Exercise> The required output is every line from the one with "Some of the words" through the final line of the data below, unchanged.

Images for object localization
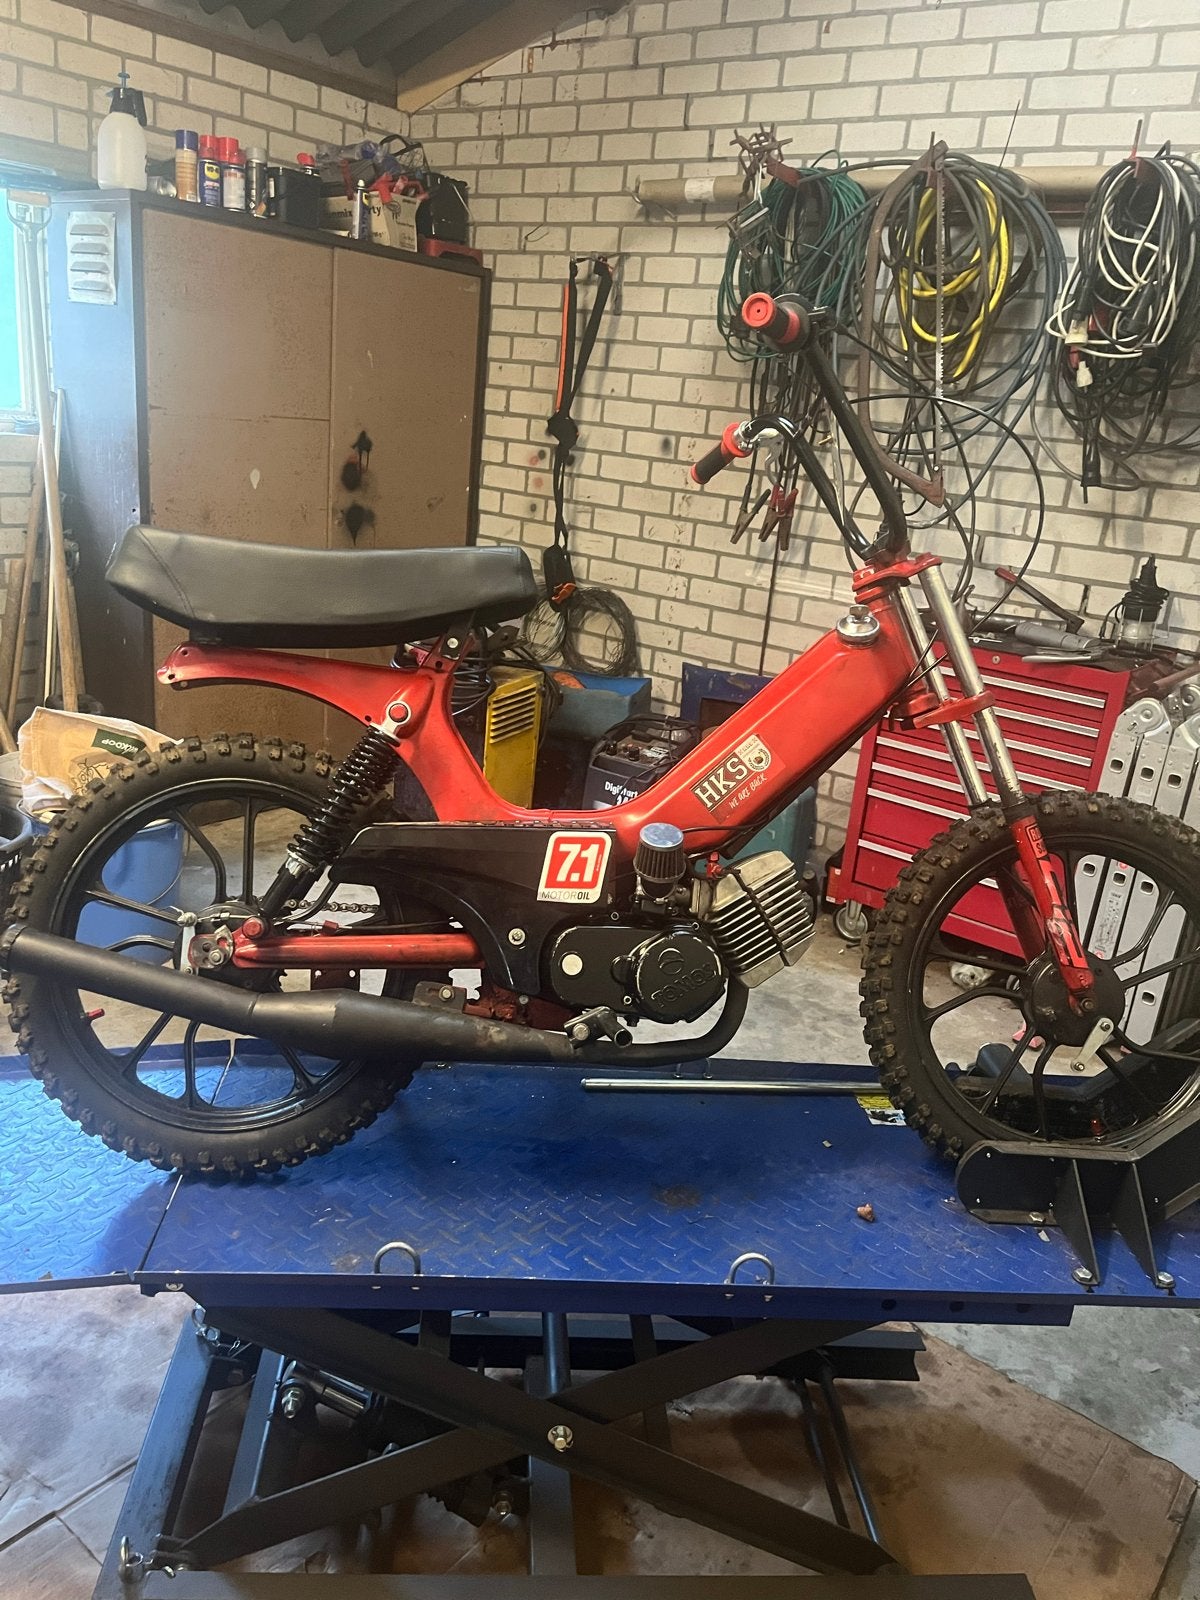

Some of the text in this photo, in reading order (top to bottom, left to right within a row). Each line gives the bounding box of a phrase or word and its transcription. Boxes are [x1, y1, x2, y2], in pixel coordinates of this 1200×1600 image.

[694, 757, 748, 808] HKS
[728, 773, 768, 809] WE ARE BACK
[556, 843, 600, 883] 7.1
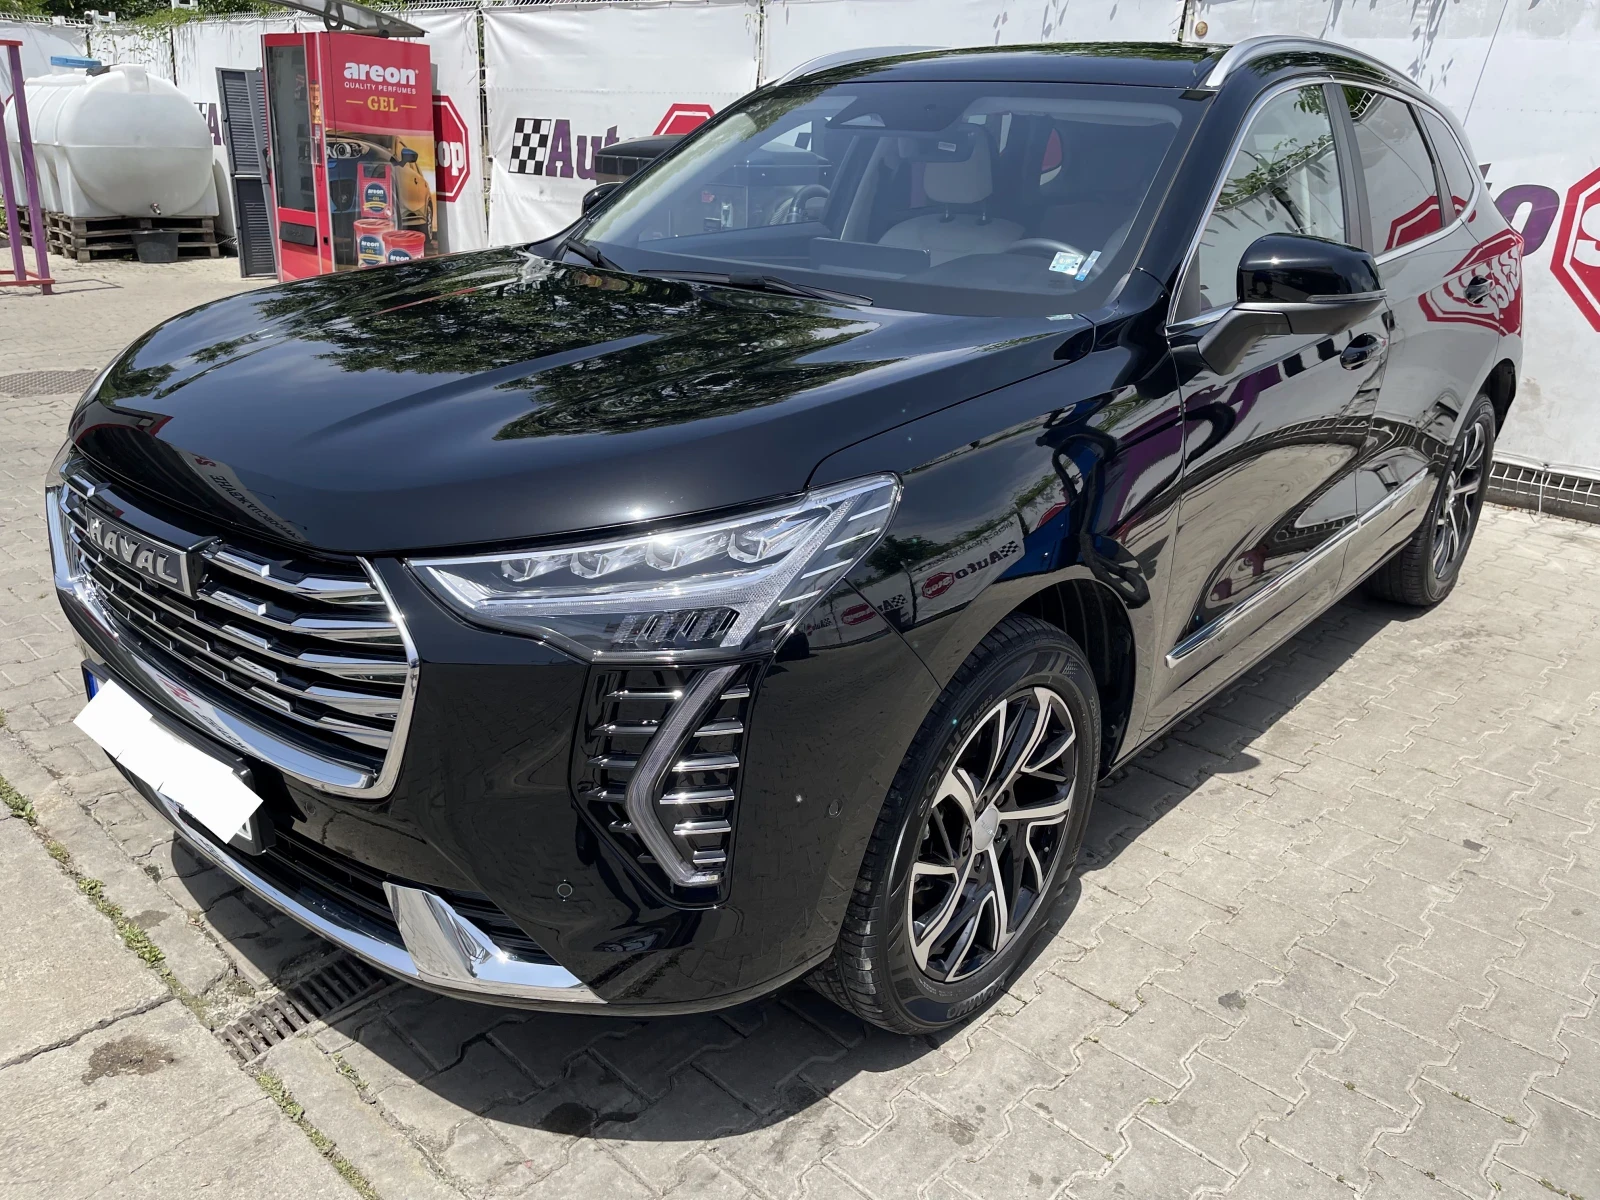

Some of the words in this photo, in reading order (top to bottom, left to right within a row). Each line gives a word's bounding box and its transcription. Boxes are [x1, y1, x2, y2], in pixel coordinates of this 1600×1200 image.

[343, 62, 416, 85] areon
[344, 81, 376, 91] QUALITY
[378, 85, 417, 95] PERFUMES
[367, 95, 399, 112] GEL
[88, 516, 178, 585] HAVAL
[917, 713, 973, 818] SOLUS

Written solution>
Some of the words in this photo, in reading order (top to bottom, left to right within a row). Each line gives a word's bounding box and its transcription. Boxes are [x1, y1, x2, y2], in pixel coordinates of this 1600×1200 image.

[343, 62, 416, 85] areon
[344, 81, 376, 91] QUALITY
[378, 85, 417, 95] PERFUMES
[367, 95, 399, 112] GEL
[88, 516, 178, 585] HAVAL
[917, 713, 973, 818] SOLUS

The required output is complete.